The so-called “total costs” of today’s SIEM systems are hard facts in terms of cost accounting, not only then when licenses are based on volume.

In addition to the license costs, there are “intellectual costs” in the form of the required configuration of the SIEM through the SIEM team in charge. For example, in order to classify the events as well as their access-related segregation. If the SIEM team does not have any mainframe know-how, integrating the mainframe to the SIEM easily becomes tedious. This is especially true if there are suddenly more mainframe users accessing the SIEM individually with their own spontaneous searches, evaluations and queries. Automatically supplied and predefined “standard reports” not always make specialists directly happy in all their complex situations. There are many reasons potentially preventing a “SIEM success story”.

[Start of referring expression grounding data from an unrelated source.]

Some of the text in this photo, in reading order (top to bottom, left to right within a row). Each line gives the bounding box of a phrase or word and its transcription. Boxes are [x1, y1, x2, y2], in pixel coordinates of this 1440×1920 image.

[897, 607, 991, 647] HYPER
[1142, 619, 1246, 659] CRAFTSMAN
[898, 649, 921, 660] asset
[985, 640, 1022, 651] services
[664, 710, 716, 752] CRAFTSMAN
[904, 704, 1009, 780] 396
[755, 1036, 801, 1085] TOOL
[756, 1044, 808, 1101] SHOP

We followed this thought, and with the new SF Sherlock Update Level 074, which will be released at the beginning of April, the following new features for a cost-effective SIEM integration will be available:

» Sherlock’s own “event world model”, which classifies and describes events in a “comprehensible manner” to non-mainframe specialists, now also lets you “enrich” events with additional installation-defined information. This feature is particularly useful for a “content-based comprehension optimization”, for example, to support your SOC team in directly better understanding the given situation caused by an incident.

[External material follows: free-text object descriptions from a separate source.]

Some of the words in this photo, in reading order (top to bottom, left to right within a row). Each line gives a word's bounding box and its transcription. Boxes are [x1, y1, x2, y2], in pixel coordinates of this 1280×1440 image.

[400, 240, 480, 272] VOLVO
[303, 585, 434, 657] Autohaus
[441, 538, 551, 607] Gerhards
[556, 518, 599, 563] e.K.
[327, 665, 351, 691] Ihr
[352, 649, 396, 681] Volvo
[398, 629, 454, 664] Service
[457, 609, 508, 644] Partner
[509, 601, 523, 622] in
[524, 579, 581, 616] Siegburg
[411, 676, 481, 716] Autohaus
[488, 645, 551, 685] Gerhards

» The z/OS Productivity Warehouse was further improved due to our customers’ request. It’s now much more intuitive, and defining installation-defined queries became much more easy. Localized on the mainframe, it’s potentially available to even more mainframe users as a cost-effective and valuable instrument when searching for errors, reasons, etc. It thus helps you to fill the SIEM even more limited and thus cost-effectively, and this lets you reduce the SIEM’s operational costs. Overall, it will provide the mainframe teams with more productivity during daily operations, such as troubleshooting, auditing, forensic investigations, etc., and thus also boosts your mainframe’s availability.

With that, SF Sherlock has further expanded its position as a mainframe SIEM connector that provides optimum performance at optimal costs.